◆ Material for this task ◆
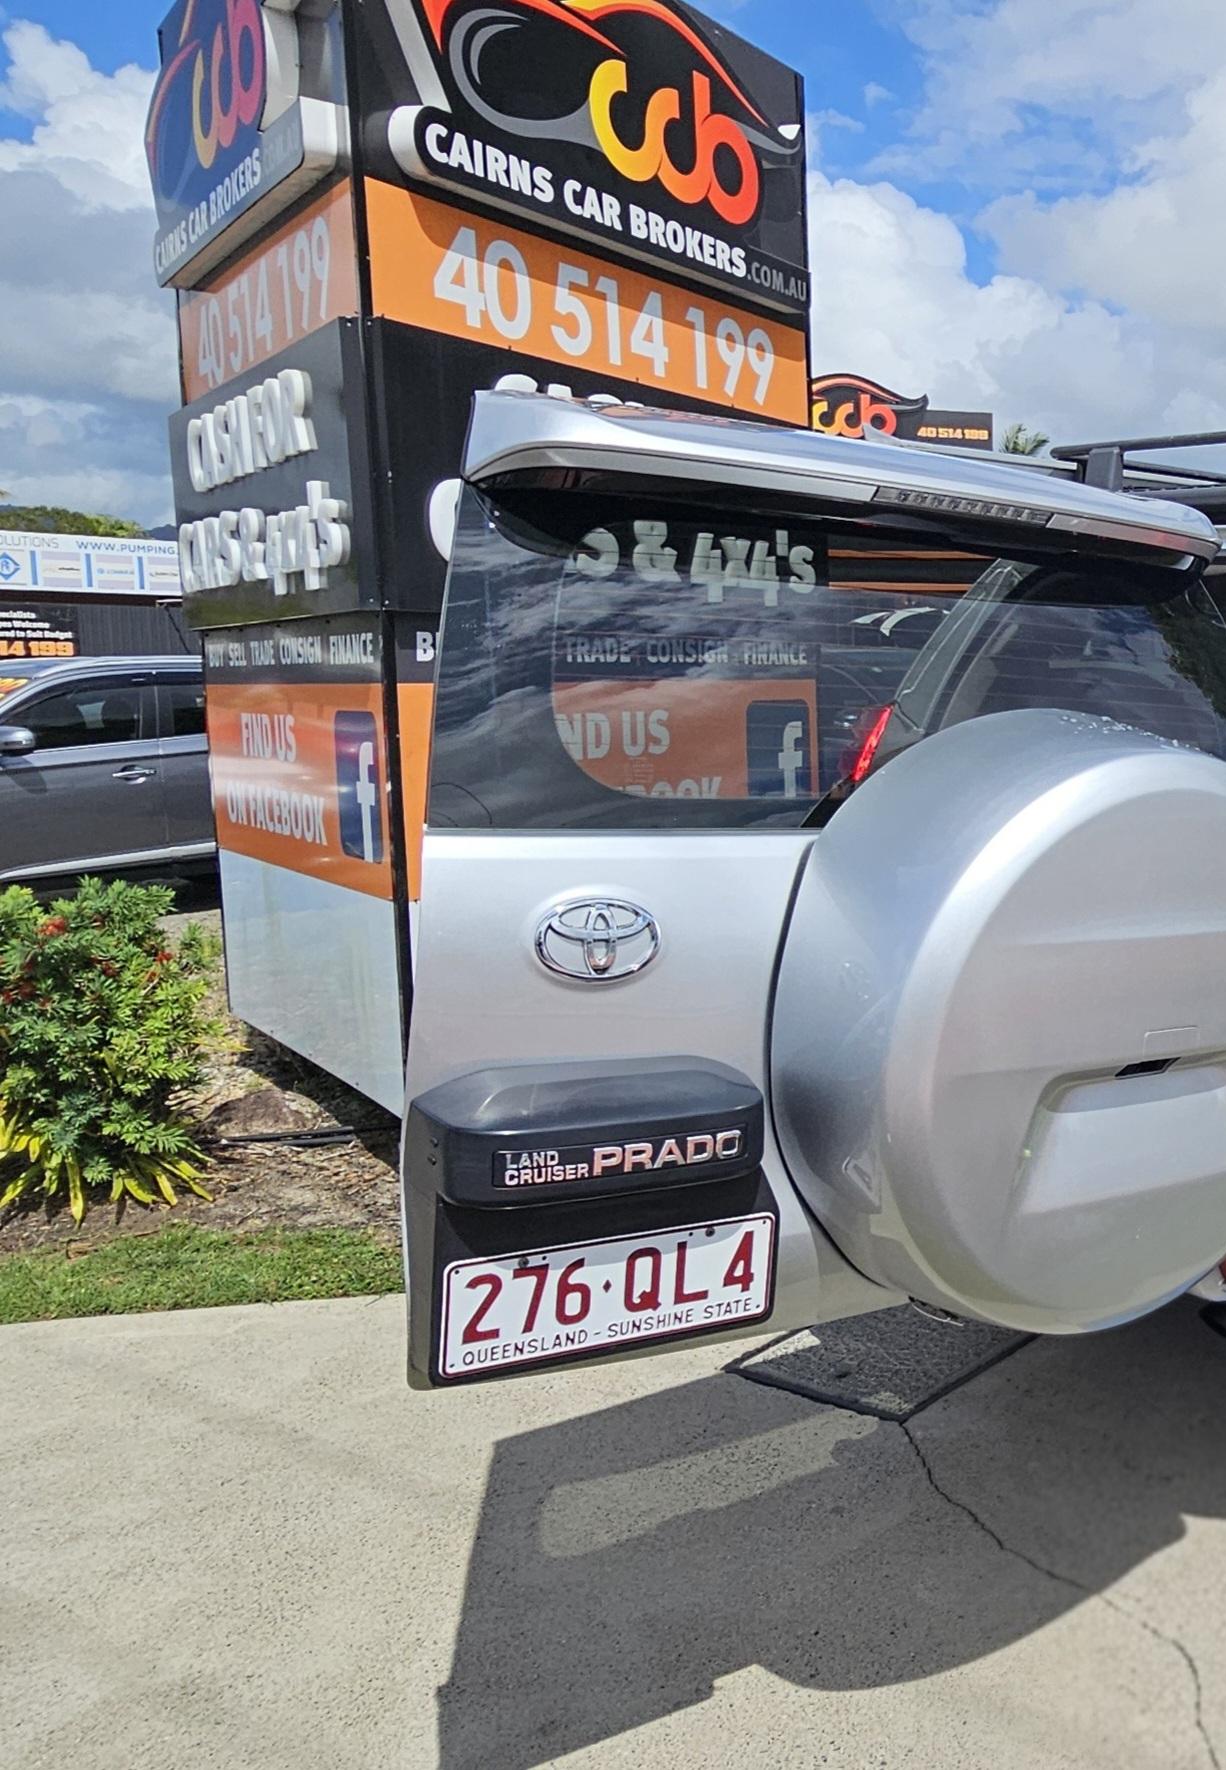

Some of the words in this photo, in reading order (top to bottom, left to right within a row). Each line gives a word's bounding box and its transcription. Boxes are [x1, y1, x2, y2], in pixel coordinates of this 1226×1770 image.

[425, 122, 555, 203] CAIRNS
[563, 178, 623, 231] CAR
[155, 219, 188, 274] CAIRNS
[188, 200, 209, 244] CAR
[198, 298, 225, 390] 40
[226, 256, 273, 373] 514
[277, 215, 330, 339] 199
[433, 225, 532, 340] 40
[551, 262, 669, 378] 514
[685, 306, 774, 406] 199
[187, 394, 255, 492] CASH
[245, 369, 319, 468] FOR
[178, 510, 242, 594] CARS
[207, 643, 226, 668] BUY
[228, 641, 248, 666] SELL
[249, 639, 276, 667] TRADE
[279, 635, 322, 667] CONSIGN
[328, 632, 374, 666] FINANCE
[566, 636, 632, 664] TRADE
[646, 637, 729, 665] CONSIGN
[743, 639, 809, 666] FINANCE
[240, 712, 273, 758] FIND
[273, 713, 298, 763] US
[555, 712, 611, 760] ND
[621, 709, 671, 757] US
[226, 779, 249, 824] ON
[247, 785, 328, 846] FACEBOOK
[504, 1162, 590, 1186] CRUISER
[505, 1150, 559, 1170] LAND
[592, 1128, 742, 1176] PRADO
[462, 1330, 588, 1367] QUEENSLAND
[607, 1307, 694, 1338] SUNSHINE
[703, 1297, 753, 1319] STATE
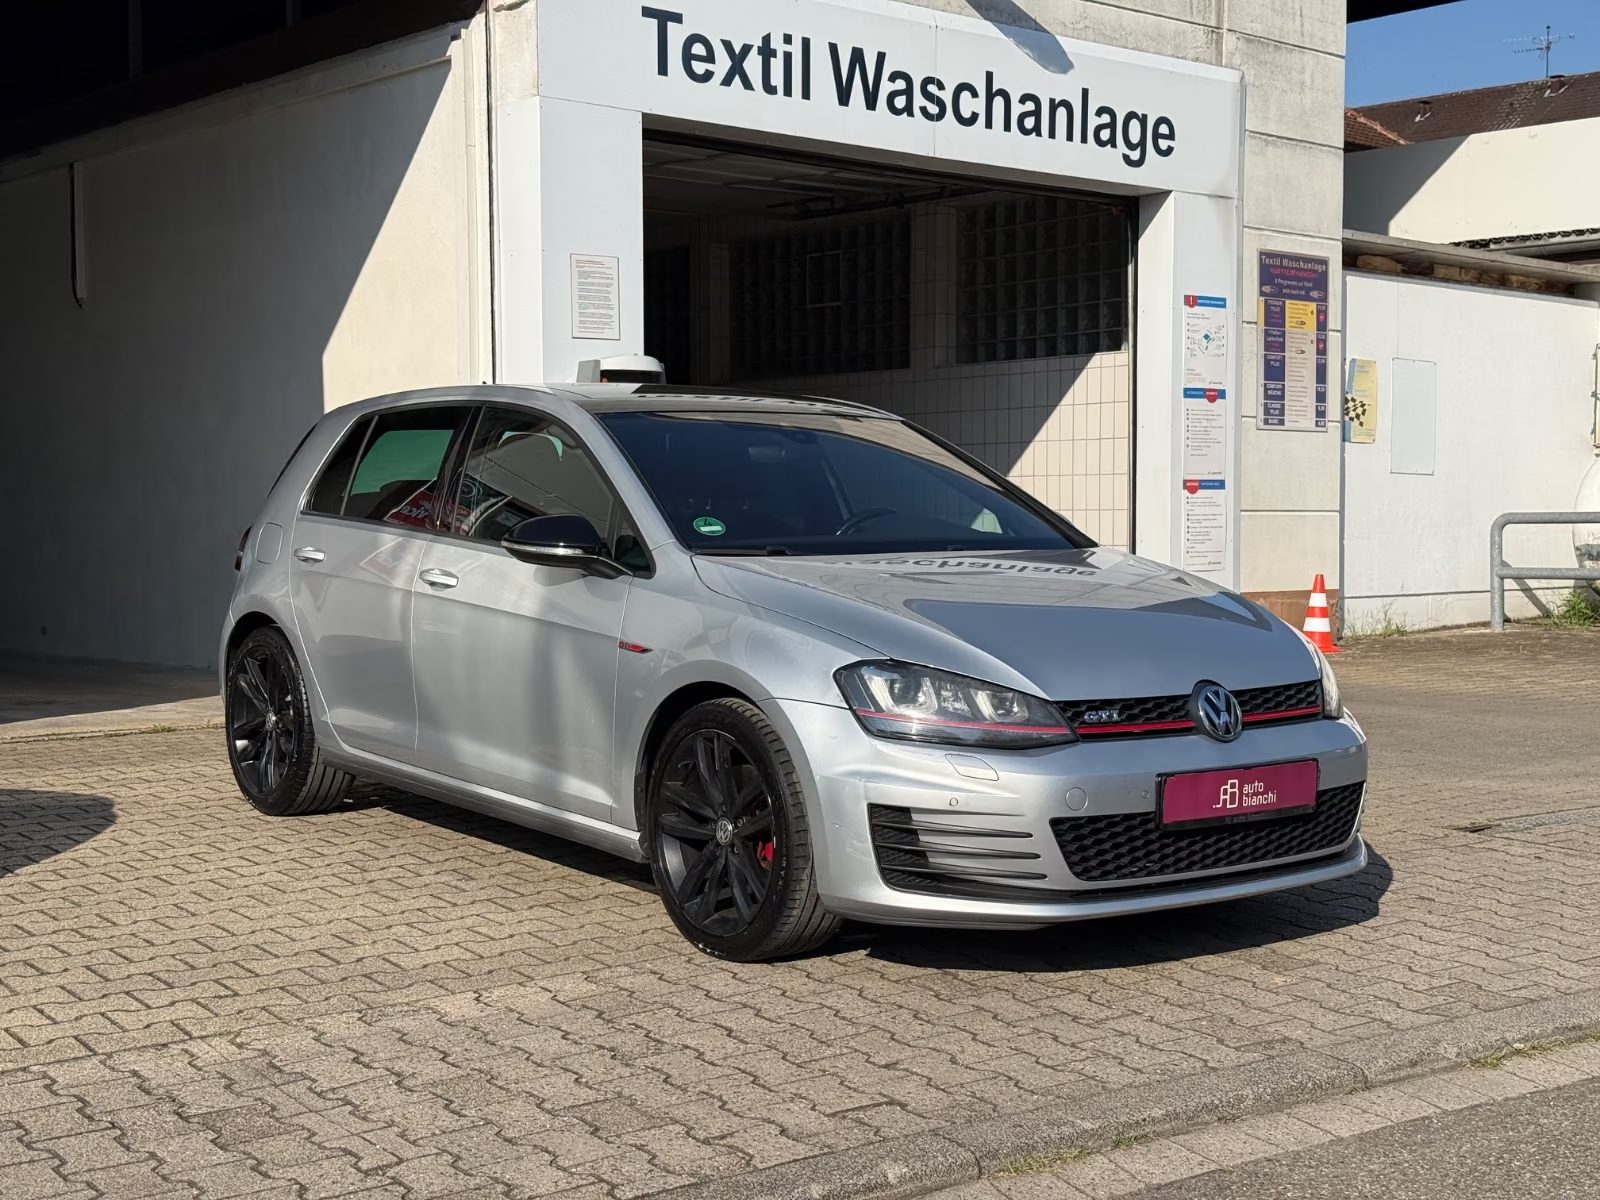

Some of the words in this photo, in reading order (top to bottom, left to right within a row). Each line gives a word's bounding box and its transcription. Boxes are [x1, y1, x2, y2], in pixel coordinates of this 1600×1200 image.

[642, 6, 811, 101] Textil
[828, 42, 1176, 168] Waschanlage
[1261, 255, 1281, 266] Textil
[1282, 258, 1327, 273] Waschanlage
[1083, 709, 1121, 722] GTI
[1242, 780, 1264, 794] auto
[1242, 790, 1277, 807] bianchi
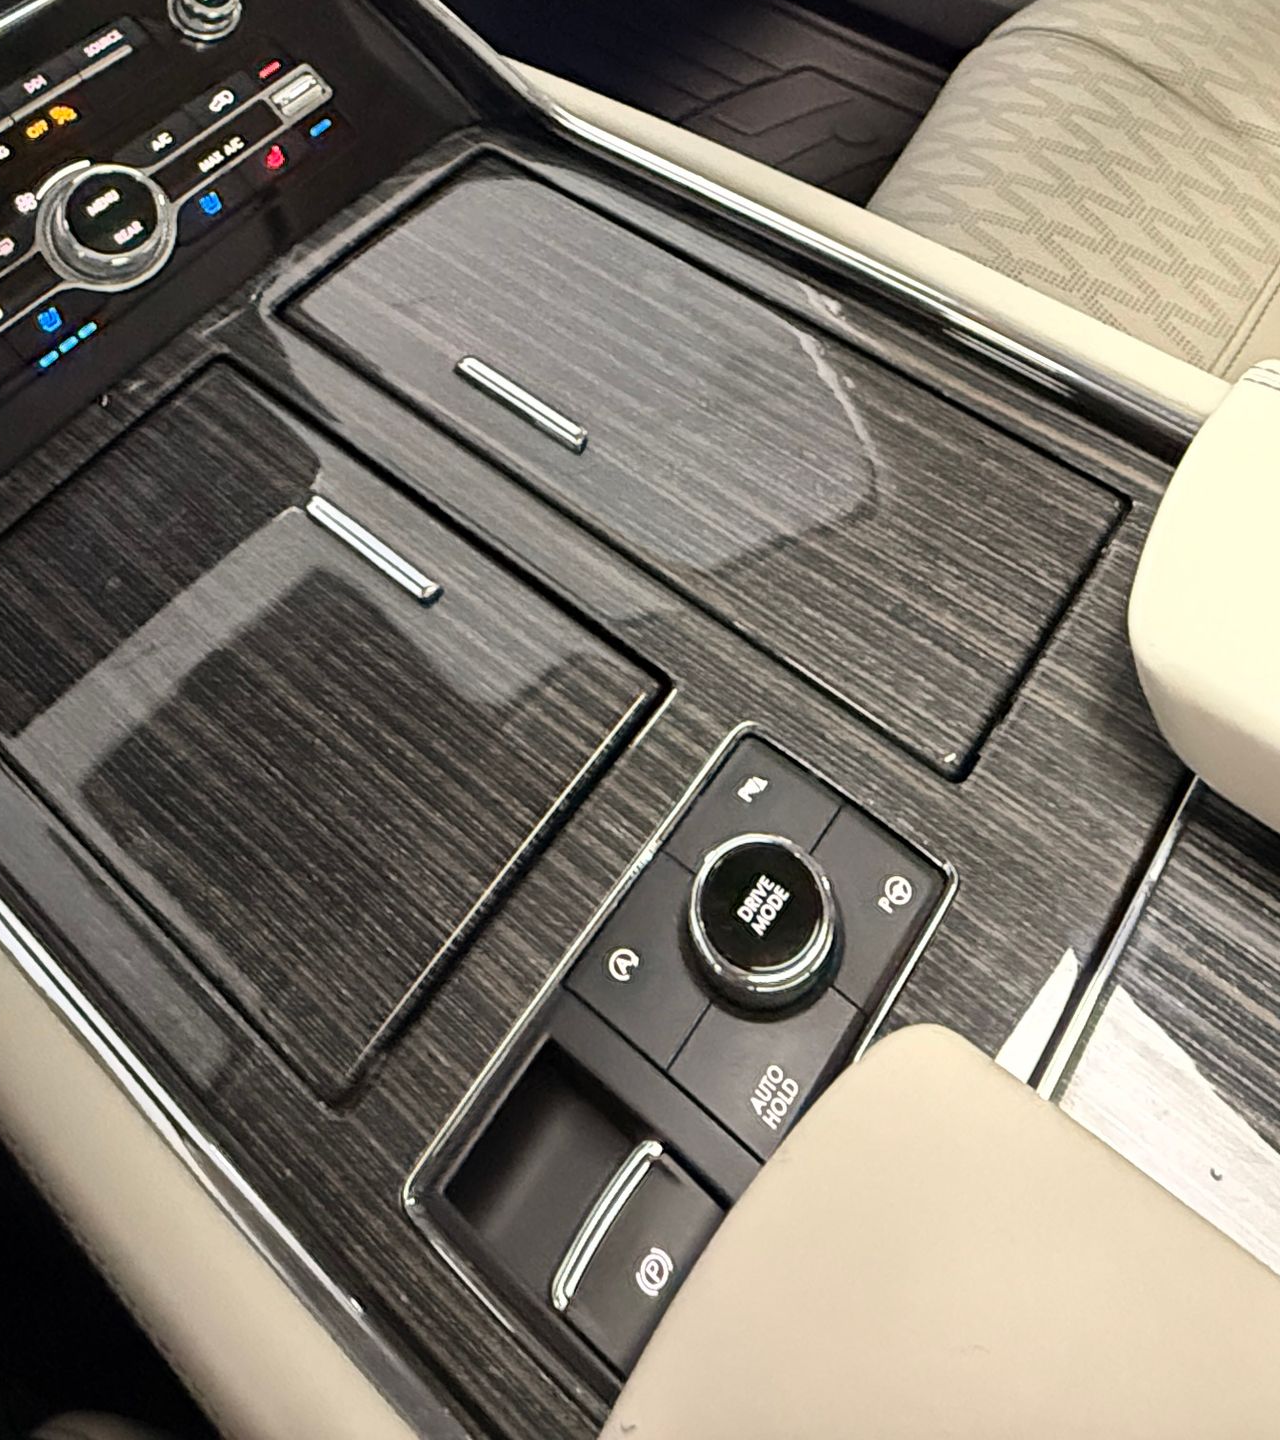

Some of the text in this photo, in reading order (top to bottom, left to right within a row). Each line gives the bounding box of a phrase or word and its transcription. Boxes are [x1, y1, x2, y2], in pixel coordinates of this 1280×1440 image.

◆ What the task asks ◆
No images belong in the copy. Transcribe every record exactly.

◆ Answer space ◆
Some of the words in this photo, in reading order (top to bottom, left to right within a row). Each line gives a word's bounding box and its transcription. Boxes are [x1, y1, x2, y2], in pixel coordinates of this 1226×1770 image.

[425, 122, 555, 203] CAIRNS
[563, 178, 623, 231] CAR
[155, 219, 188, 274] CAIRNS
[188, 200, 209, 244] CAR
[198, 298, 225, 390] 40
[226, 256, 273, 373] 514
[277, 215, 330, 339] 199
[433, 225, 532, 340] 40
[551, 262, 669, 378] 514
[685, 306, 774, 406] 199
[187, 394, 255, 492] CASH
[245, 369, 319, 468] FOR
[178, 510, 242, 594] CARS
[207, 643, 226, 668] BUY
[228, 641, 248, 666] SELL
[249, 639, 276, 667] TRADE
[279, 635, 322, 667] CONSIGN
[328, 632, 374, 666] FINANCE
[566, 636, 632, 664] TRADE
[646, 637, 729, 665] CONSIGN
[743, 639, 809, 666] FINANCE
[240, 712, 273, 758] FIND
[273, 713, 298, 763] US
[555, 712, 611, 760] ND
[621, 709, 671, 757] US
[226, 779, 249, 824] ON
[247, 785, 328, 846] FACEBOOK
[504, 1162, 590, 1186] CRUISER
[505, 1150, 559, 1170] LAND
[592, 1128, 742, 1176] PRADO
[462, 1330, 588, 1367] QUEENSLAND
[607, 1307, 694, 1338] SUNSHINE
[703, 1297, 753, 1319] STATE

Some of the words in this photo, in reading order (top to bottom, left to right within a row). Each line gives a word's bounding box and its transcription. Boxes are [x1, y1, x2, y2], in pixel coordinates of this 1600×1200 image.

[642, 6, 811, 101] Textil
[828, 42, 1176, 168] Waschanlage
[1261, 255, 1281, 266] Textil
[1282, 258, 1327, 273] Waschanlage
[1083, 709, 1121, 722] GTI
[1242, 780, 1264, 794] auto
[1242, 790, 1277, 807] bianchi

Some of the text in this photo, in reading order (top to bottom, left to right within a row). Each line gives the bounding box of a phrase or word and its transcription. Boxes are [x1, y1, x2, y2], in pixel coordinates of this 1280×1440 image.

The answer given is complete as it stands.